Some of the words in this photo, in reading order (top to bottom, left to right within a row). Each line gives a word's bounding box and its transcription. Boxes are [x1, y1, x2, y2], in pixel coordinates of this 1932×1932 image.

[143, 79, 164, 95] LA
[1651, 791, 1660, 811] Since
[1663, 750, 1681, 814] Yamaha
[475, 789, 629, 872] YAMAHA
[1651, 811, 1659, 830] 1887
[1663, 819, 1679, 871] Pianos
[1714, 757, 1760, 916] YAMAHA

WORK REQUIRED: Set down, exactly and completely, all of the material.

WRITTEN SOLUTION:
Some of the words in this photo, in reading order (top to bottom, left to right within a row). Each line gives a word's bounding box and its transcription. Boxes are [x1, y1, x2, y2], in pixel coordinates of this 1932×1932 image.

[143, 79, 164, 95] LA
[1651, 791, 1660, 811] Since
[1663, 750, 1681, 814] Yamaha
[475, 789, 629, 872] YAMAHA
[1651, 811, 1659, 830] 1887
[1663, 819, 1679, 871] Pianos
[1714, 757, 1760, 916] YAMAHA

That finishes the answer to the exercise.